I love maps and atlases, and I believe maps are a great way to dress up walls. Atlases are a great diversion. Whenever I need to see where a story that I am reading took place, I turn to one of our atlases (if the book did not come with its own maps). Sadly, the world atlas often does not have enough detail. Then I'll go to the Internet seeking maps that are more focused on the obscure places that interest me. It seems to me that any place that is worth writing and reading about ought to be on a map, and I want to see it. That makes me a little bit of a maphead, but I will not pretend to be so fanatical as Ken Jennings, author of Maphead: Charting the Wide Weird World of Geography Wonks.
From early in childhood Jennings saved his allowance to buy atlases. He asked for them for birthdays and Christmas. He kept one by his bedside lamp. And he has never grown out of his map love. Luckily for him, he has been able to turn his fascination with maps, trivia, and all of the world's knowledge into a career. It helped that he won tons of money on Jeopardy, and that experience helped launch his writing career. Being a writer has allowed him to seek out mapheads around the world, many of whom he describes in Maphead.

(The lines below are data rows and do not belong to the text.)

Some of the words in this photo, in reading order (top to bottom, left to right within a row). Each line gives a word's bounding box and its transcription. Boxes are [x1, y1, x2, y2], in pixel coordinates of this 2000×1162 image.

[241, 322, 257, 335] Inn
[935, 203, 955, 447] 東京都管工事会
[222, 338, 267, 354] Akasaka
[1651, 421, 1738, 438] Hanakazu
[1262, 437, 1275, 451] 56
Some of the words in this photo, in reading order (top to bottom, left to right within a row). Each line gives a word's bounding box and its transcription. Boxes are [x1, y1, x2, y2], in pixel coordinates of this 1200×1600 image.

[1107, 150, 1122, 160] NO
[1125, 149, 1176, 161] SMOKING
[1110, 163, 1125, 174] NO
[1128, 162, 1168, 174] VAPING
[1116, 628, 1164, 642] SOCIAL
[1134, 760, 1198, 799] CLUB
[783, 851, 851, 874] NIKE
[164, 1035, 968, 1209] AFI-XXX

Opportunities for mapheads have expanded greatly in the past several decades with the development of personal electronics and the introduction of global positioning services. Jennings tells about becoming one of the enthusiasts who chases geocached treasures and seeks confluences. Confluences are the exact spots where lines of longitude meet lines of latitude. With your own handheld GPS, you can find the spots where the minutes and seconds are all zeros. The difficulty is that these spots are often on the side of a cliff or (even worse) on private property.

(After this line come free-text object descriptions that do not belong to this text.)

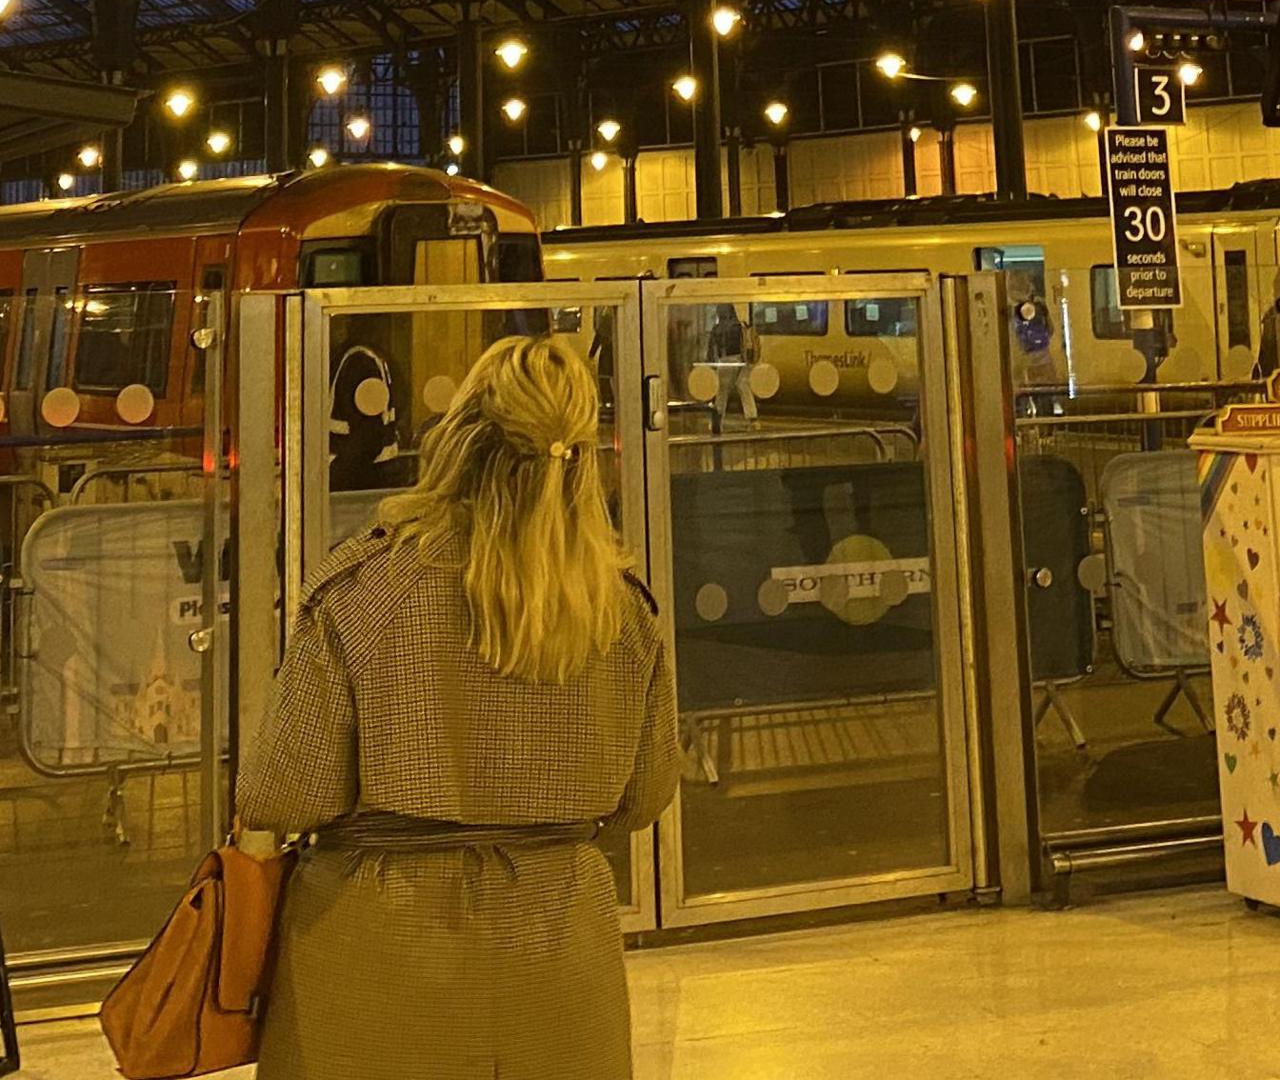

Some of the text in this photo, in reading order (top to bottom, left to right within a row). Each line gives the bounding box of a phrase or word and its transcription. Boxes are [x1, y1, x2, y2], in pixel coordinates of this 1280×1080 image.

[1151, 75, 1171, 116] 3
[1115, 135, 1159, 148] Please be
[1111, 151, 1167, 164] advised that
[1115, 169, 1166, 181] train doors
[1120, 185, 1163, 197] will close
[1124, 206, 1166, 242] 30
[1127, 252, 1166, 265] seconds
[1130, 269, 1167, 283] prior to
[1126, 285, 1174, 300] departure

While embracing the new technology, Jennings also rues the loss of free gas station maps and the feeling that there might no longer be blank spots in human geographic knowledge that still need exploring. Maphead is a very personal report that should entertain and enlighten many readers.
Jennings, Ken. Maphead: Charting the Wide Weird World of Geography Wonks. Scribner, 2011. 276p. ISBN 9781439167175.